Der Reichsarbeitsminister brachte zur Sprache, daß der zum 23. März einberufene außerordentliche Gewerkschaftskongreß noch nicht verschoben worden sei36, obschon inzwischen die Verordnung des Reichspräsidenten über den Osterfrieden ergangen sei37. Er trage Bedenken, der ihm zugegangenen Einladung zur Teilnahme am Kongreß zu entsprechen, da er es zum mindesten für zweifelhaft halte, ob der Kongreß nicht als eine politische Versammlung im Sinne der vorgenannten Verordnung des Reichspräsidenten anzusehen sei. Die Entscheidung darüber, ob eine Versammlung als politisch im Sinne des Vereingesetzes zu gelten habe, hänge von der Auslegung des einschlägigen § 17a des Vereinsgesetzes38 ab. Die Auslegungsfrage könne nicht von der Verwaltung entschieden werden, unterliege vielmehr der richterlichen Prüfung. Es müsse jedenfalls damit gerechnet werden, daß für den Fall der Abhaltung des Kongresses von politisch interessierter Seite die Behauptung aufgestellt werde, daß der Kongreß eine unerlaubte politische Versammlung sei. Die Reichsregierung könne nach seiner Meinung das Risiko einer gerichtlichen Entscheidung nicht auf sich nehmen, so daß er es gegebenenfalls vorziehe, sein Erscheinen auf dem Kongreß abzulehnen.

36

Mit Schreiben vom 12.3.32 hatt der ADGB den RK zur Teilnahme am Kongreß „Die Notwendigkeit der Arbeitsbeschaffung“ am 23.3.32 im RT eingeladen. StS Pünder hatte dazu handschriftlich am 18.3.32 vermerkt, daß die RReg. wegen des Osterfriedens eine Vertagung des Kongresses zu erreichen versuchen werde. Wenn das nicht möglich sei, werde der RK nicht teilnehmen, um damit der Veranstaltung nicht einen politischen Charakter zu geben (R 43 I/2024, Bl. 311).

37

Vgl. Dok. Nr. 397, P. 1.

38

§ 17a des Vereinsgesetzes vom 19.4.08 (RGBl., S. 151 ) befreite die Vereine der Arbeitgeber und Arbeitnehmer von den Vorschriften über politische Vereine und deren Versammlungen in den §§ 3 und 17 dieses Ges. (Gesetzesänderung vom 16.6.16, RGBl., S. 635 ).
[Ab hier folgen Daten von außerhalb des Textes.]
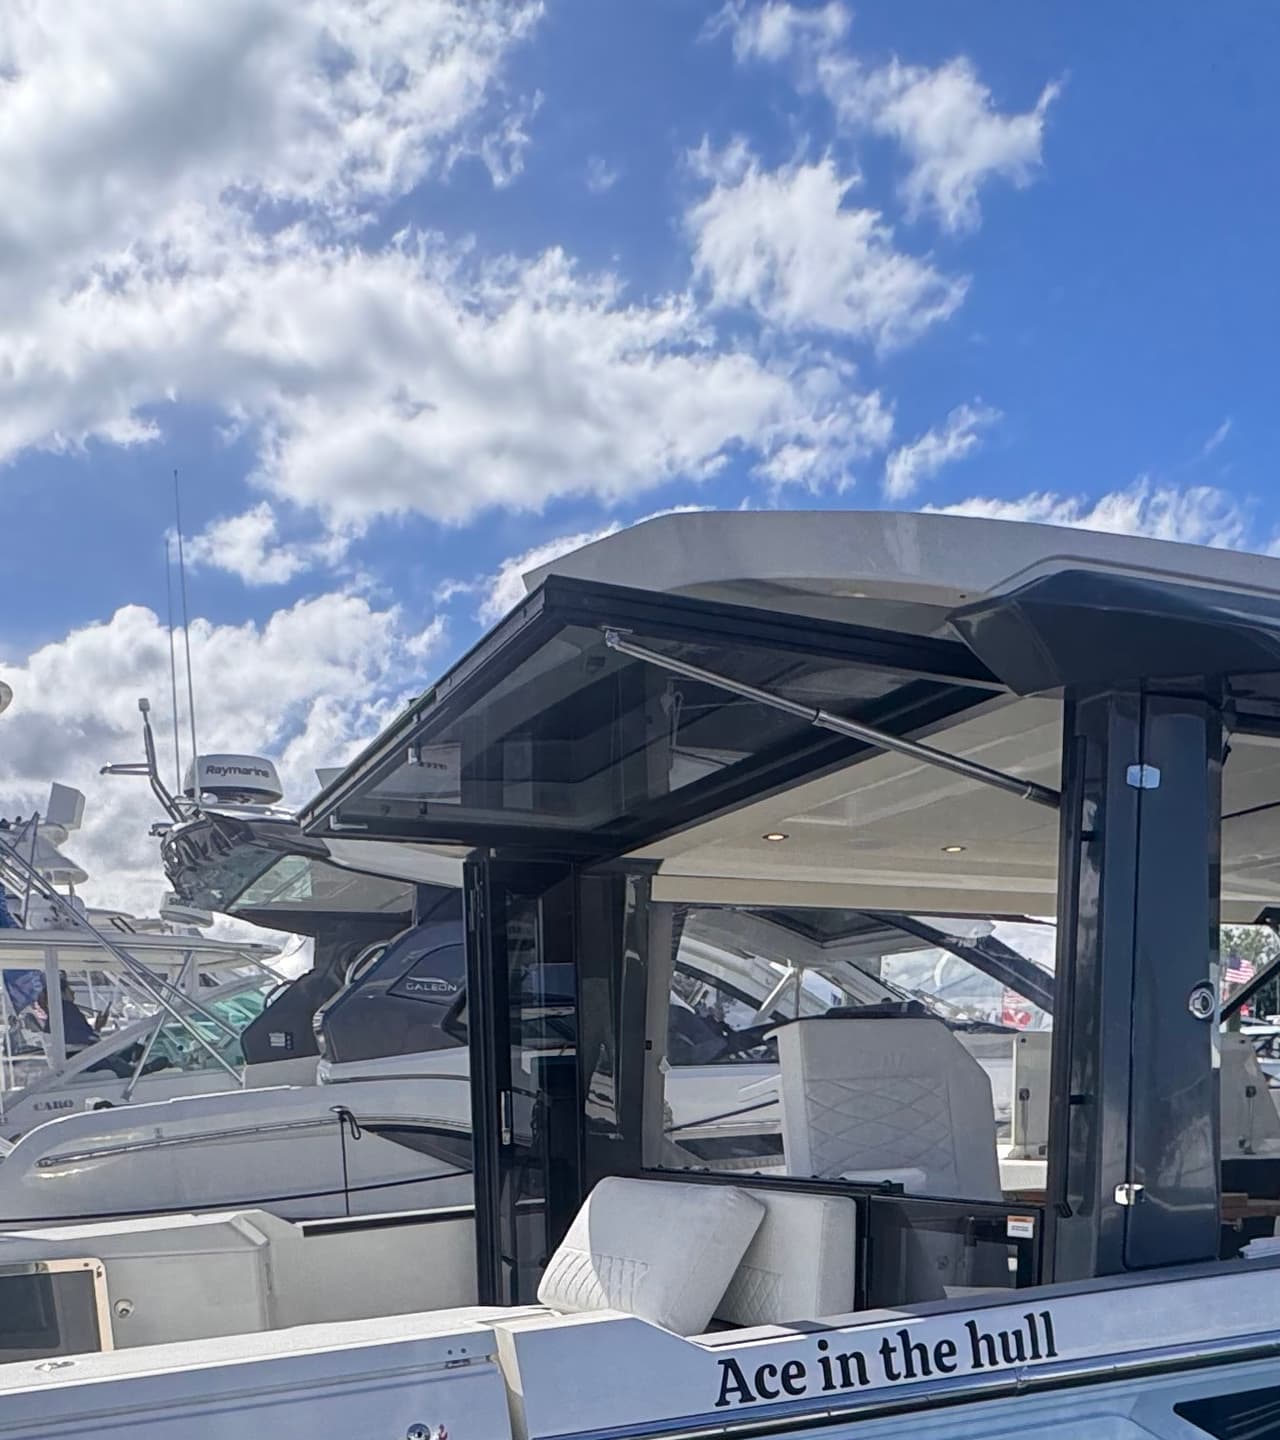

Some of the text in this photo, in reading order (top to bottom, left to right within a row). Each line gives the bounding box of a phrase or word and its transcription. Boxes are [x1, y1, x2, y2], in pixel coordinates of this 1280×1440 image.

[205, 764, 270, 778] Raymarine
[405, 982, 457, 992] GALEON
[714, 1310, 1059, 1407] Ace in the hull
Staatssekretär Zweigert bestätigte die Richtigkeit der Ausführung des Reichsarbeitsministers. Ergänzend fügte er hinzu, daß die Gewerkschaften bei Vorbesprechung zur Sache erklärt hätten, alles vermeiden zu wollen, was dem Kongreß einen politischen Charakter geben könne.

[2392] Der Reichsminister der Justiz schloß sich gleichfalls den Darlegungen des Reichsarbeitsministers an und wies noch darauf hin, daß alle Erklärungen der Gewerkschaften keine Sicherheit dafür böten, daß nicht doch aufgrund einer Denunziation von politisch interessierter Seite ein Gerichtsverfahren anhängig gemacht werde. Der Ausfall der gerichtlichen Entscheidung könne von der Verwaltung selbstverständlich nicht vorher bestimmt werden.

Auf Vorschlag des Reichskanzlers übernahm es der Reichsminister des Innern am kommenden Tage nochmals mit den Gewerkschaften zu verhandeln, um sie zu einer Vertagung des Kongresses zu veranlassen.

Der Reichsarbeitsminister erklärte sich bereit, an dieser Besprechung teilzunehmen39.

39

Am 21.3.32 beschloß der ADGB nach der Besprechung mit dem RIM und dem RArbM, den Kongreß vom 23. 3.auf den 13.4.32 zu verlegen (Vermerk von MinR Vogels vom 21.3.32 und Schreiben des ADGB vom 21.3.32 in R 43 I/2024, Bl. 312 und Bl. 314). Vgl. Dok. Nr. 715, P. 2.